◆ WHAT IS NEEDED ◆
No pictures, nothing altered: return the data below.

======== INPUT DATA ========

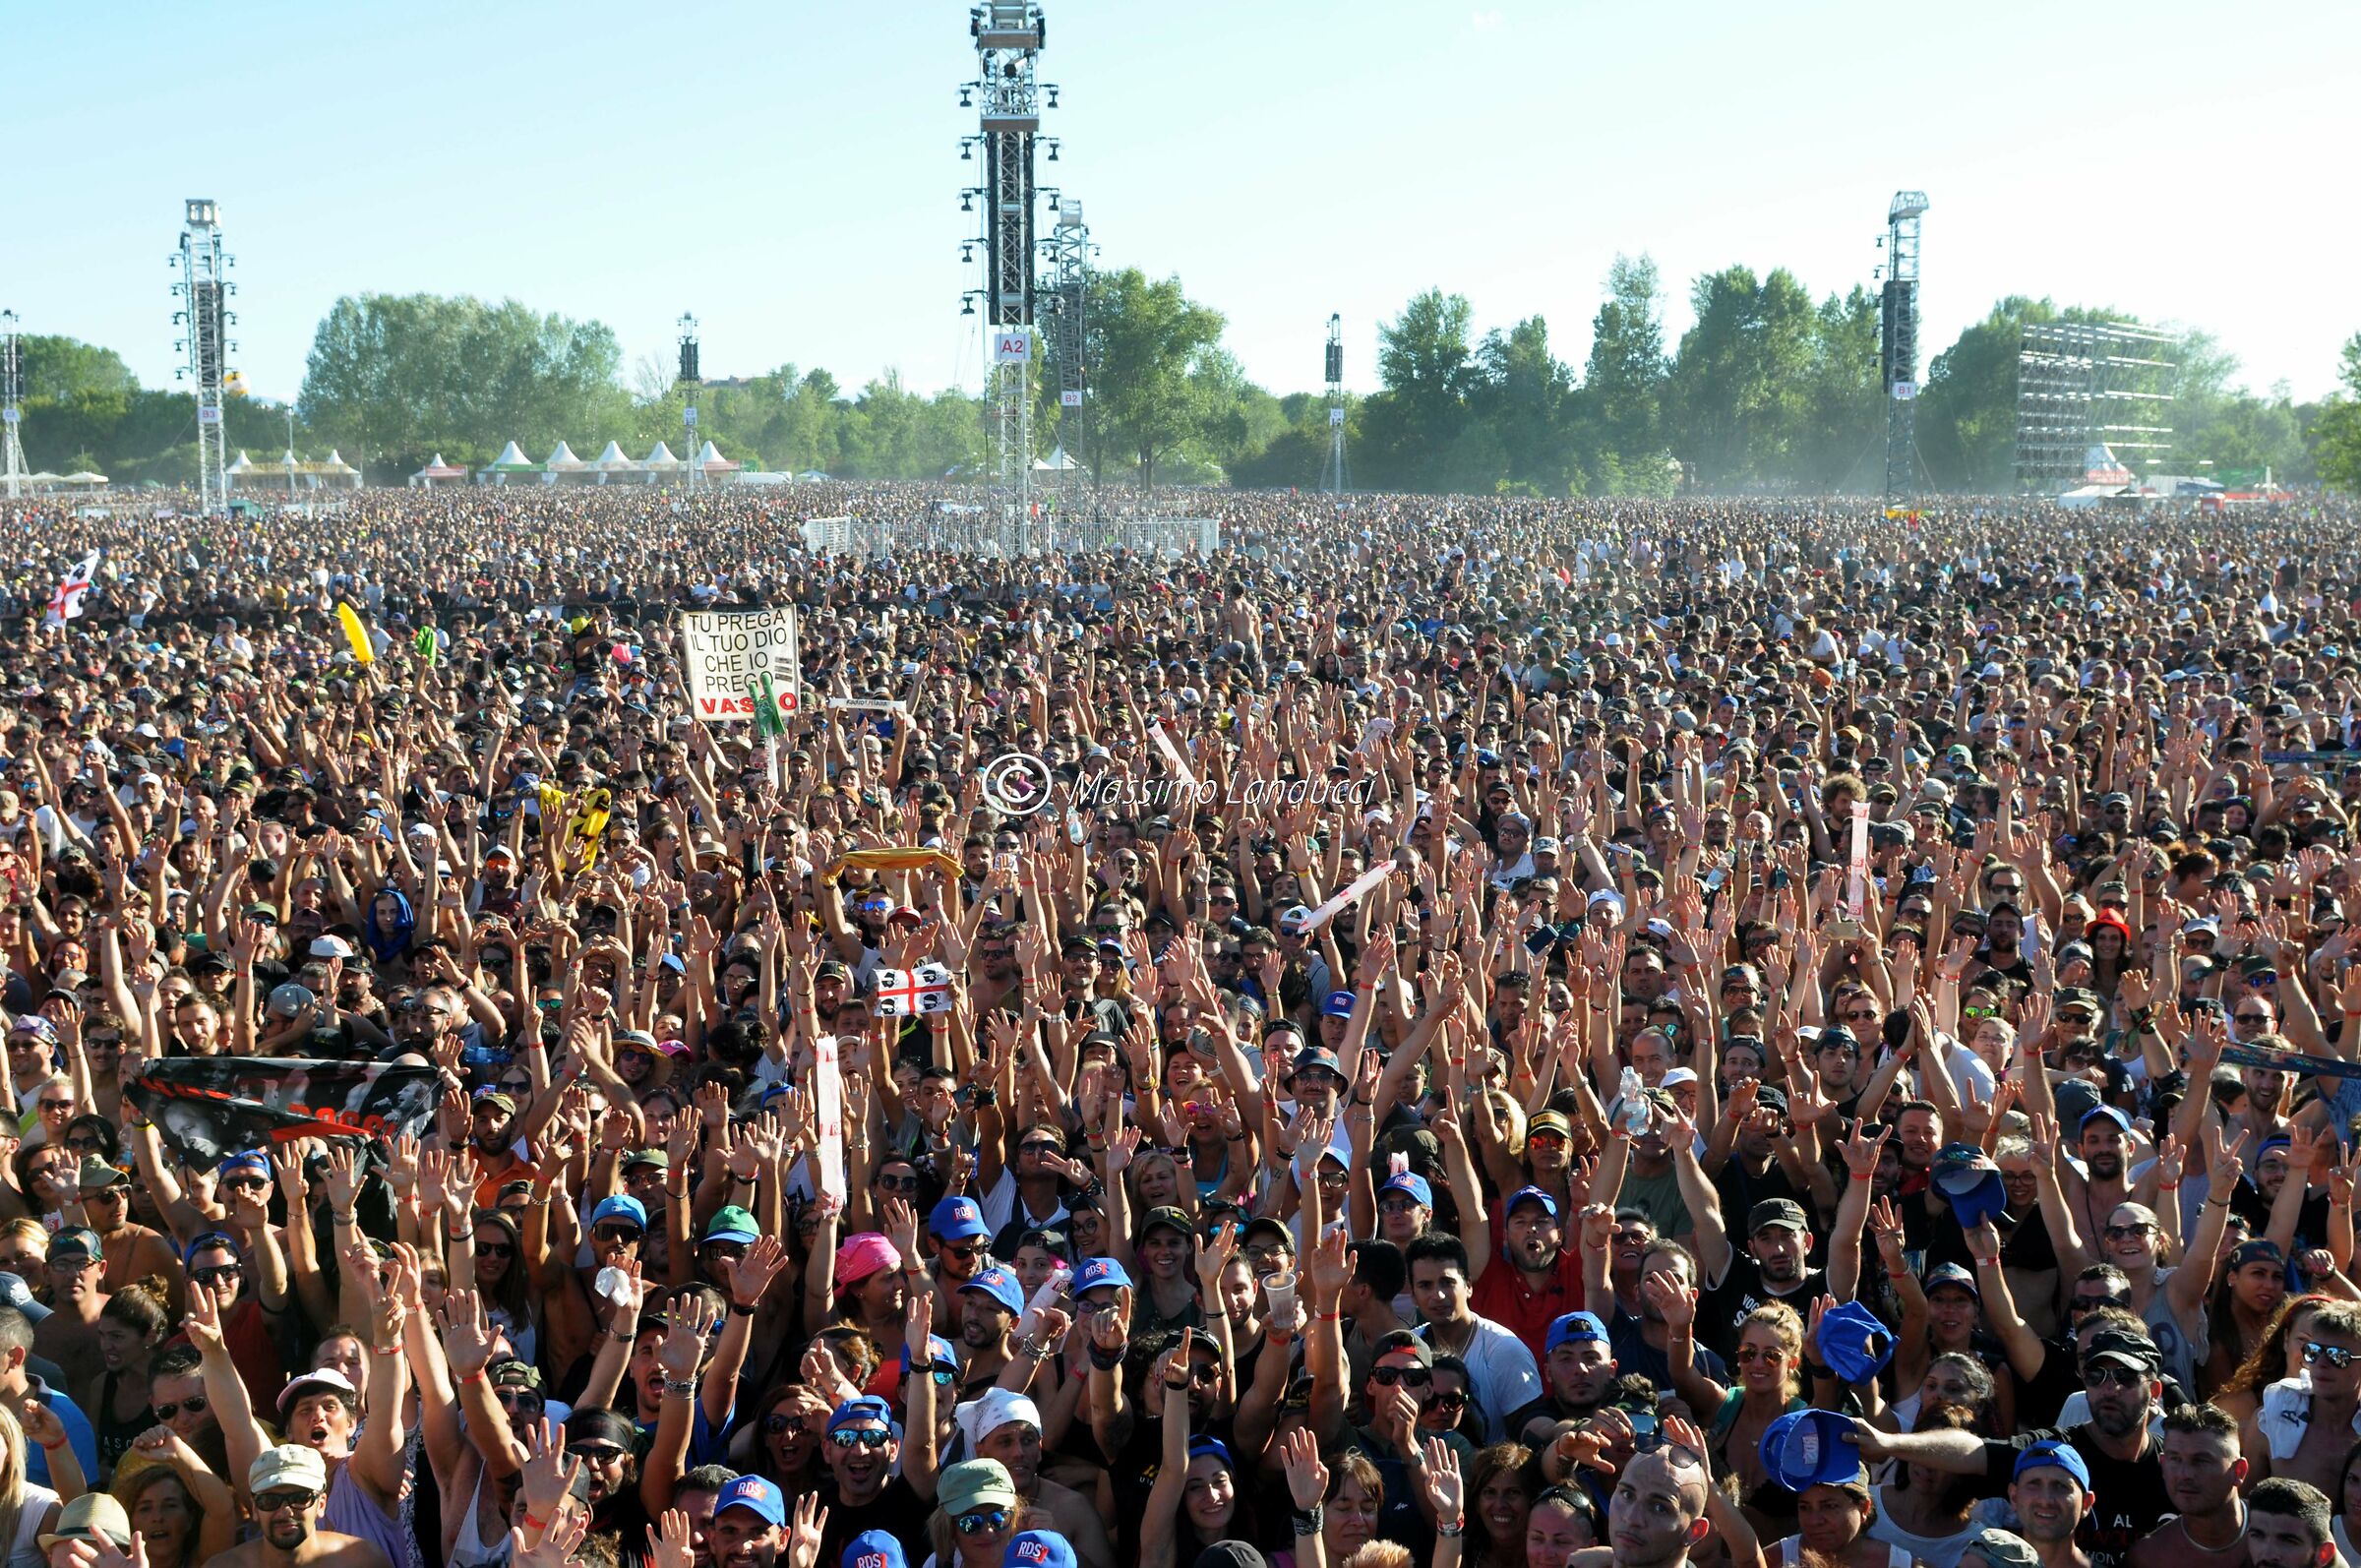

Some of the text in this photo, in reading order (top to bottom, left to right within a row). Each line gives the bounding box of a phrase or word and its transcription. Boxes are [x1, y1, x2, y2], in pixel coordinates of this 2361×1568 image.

[1001, 339, 1024, 353] A2
[1899, 386, 1910, 394] B1
[203, 409, 215, 418] B3
[689, 609, 786, 633] TU PREGA
[691, 627, 787, 652] IL TUO DIO
[704, 654, 743, 673] CHE
[749, 651, 768, 670] IO
[699, 692, 798, 714] VASO
[1394, 1176, 1412, 1186] RDS
[954, 1205, 973, 1220] RDS
[981, 1272, 1000, 1284] RDS
[1085, 1264, 1103, 1279] RDS
[738, 1480, 761, 1496] RDS
[1017, 1541, 1042, 1557] RDS
[857, 1553, 881, 1568] RDS

========

◆ SOLUTION TO THE PROBLEM ◆
Some of the text in this photo, in reading order (top to bottom, left to right within a row). Each line gives the bounding box of a phrase or word and its transcription. Boxes are [x1, y1, x2, y2], in pixel coordinates of this 2361×1568 image.

[1001, 339, 1024, 353] A2
[1899, 386, 1910, 394] B1
[203, 409, 215, 418] B3
[689, 609, 786, 633] TU PREGA
[691, 627, 787, 652] IL TUO DIO
[704, 654, 743, 673] CHE
[749, 651, 768, 670] IO
[699, 692, 798, 714] VASO
[1394, 1176, 1412, 1186] RDS
[954, 1205, 973, 1220] RDS
[981, 1272, 1000, 1284] RDS
[1085, 1264, 1103, 1279] RDS
[738, 1480, 761, 1496] RDS
[1017, 1541, 1042, 1557] RDS
[857, 1553, 881, 1568] RDS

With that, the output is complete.